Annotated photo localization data
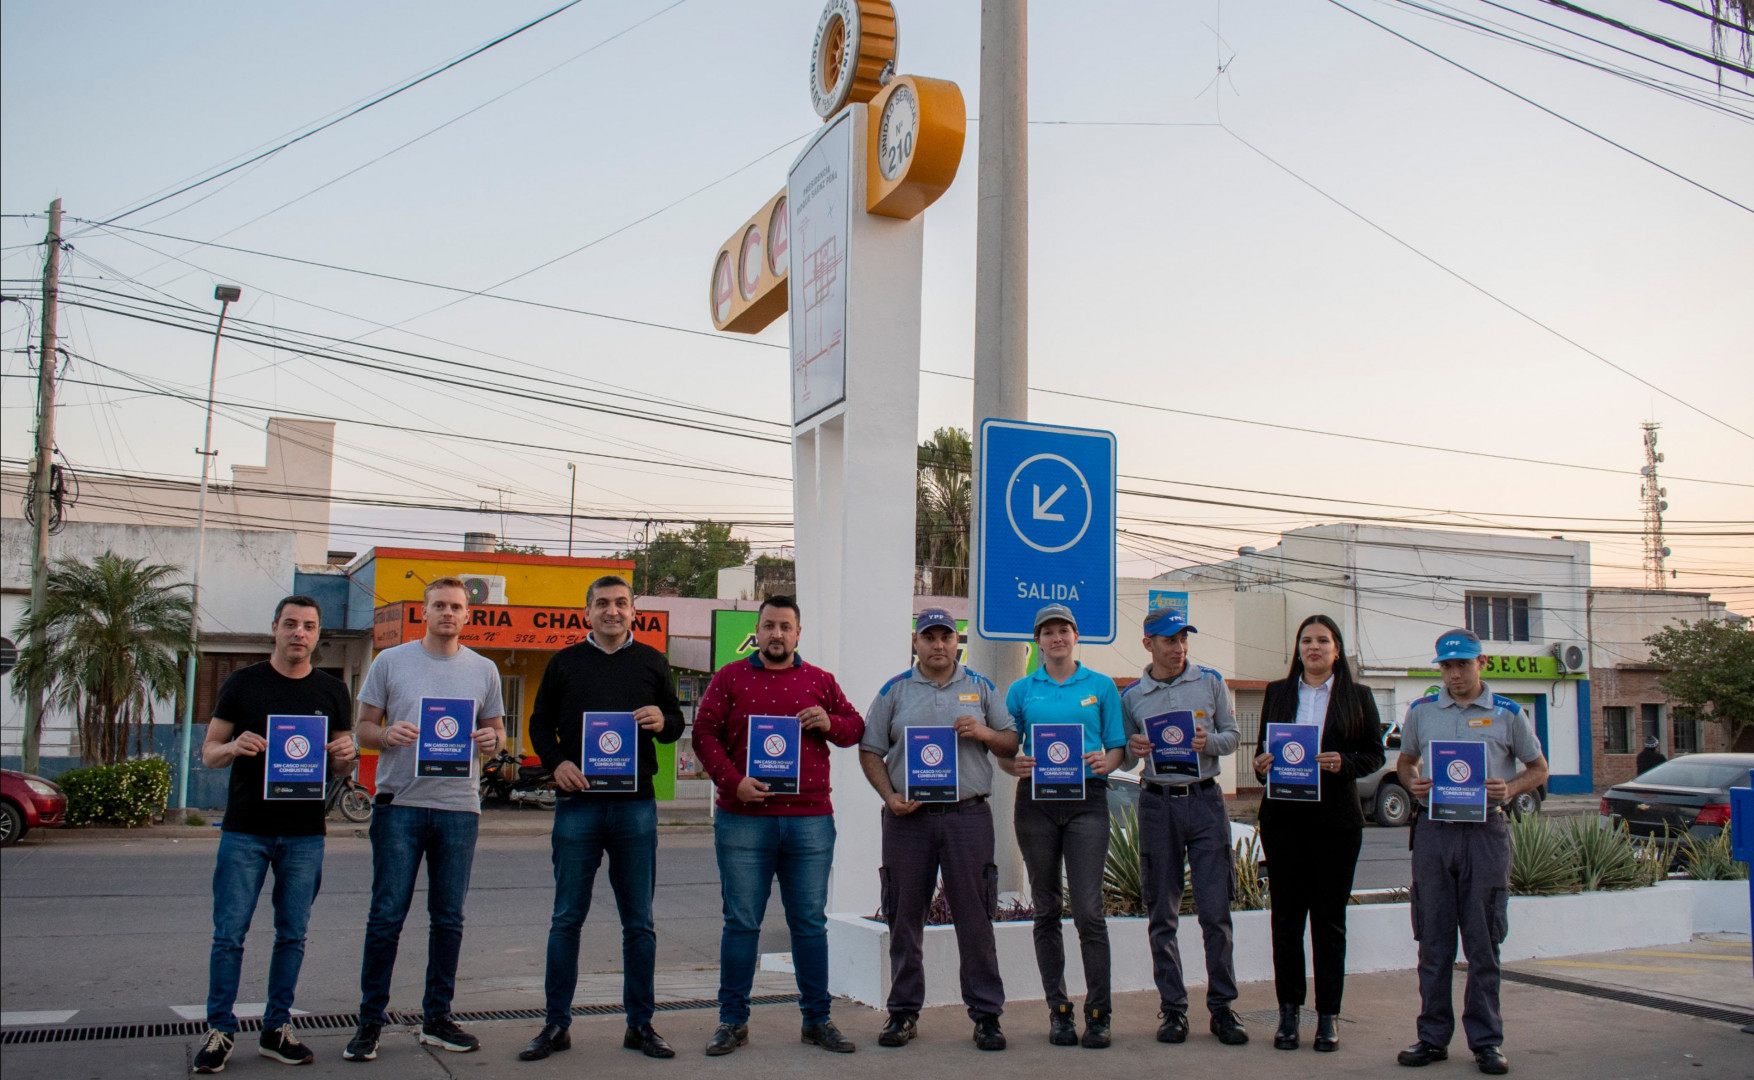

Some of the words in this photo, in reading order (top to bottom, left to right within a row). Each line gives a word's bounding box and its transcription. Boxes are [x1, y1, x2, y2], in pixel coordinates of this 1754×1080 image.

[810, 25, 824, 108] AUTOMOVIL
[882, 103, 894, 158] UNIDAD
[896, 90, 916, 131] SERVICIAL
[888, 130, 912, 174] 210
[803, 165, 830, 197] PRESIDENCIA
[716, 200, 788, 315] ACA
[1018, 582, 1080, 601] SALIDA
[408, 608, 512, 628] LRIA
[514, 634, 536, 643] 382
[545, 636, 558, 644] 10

Activity — Each entry should come back exactly as written, with its pictures omitted.

Your response —
Some of the words in this photo, in reading order (top to bottom, left to right within a row). Each line gives a word's bounding box and its transcription. Boxes are [x1, y1, x2, y2], in pixel coordinates of this 1754×1080 image.

[810, 25, 824, 108] AUTOMOVIL
[882, 103, 894, 158] UNIDAD
[896, 90, 916, 131] SERVICIAL
[888, 130, 912, 174] 210
[803, 165, 830, 197] PRESIDENCIA
[716, 200, 788, 315] ACA
[1018, 582, 1080, 601] SALIDA
[408, 608, 512, 628] LRIA
[514, 634, 536, 643] 382
[545, 636, 558, 644] 10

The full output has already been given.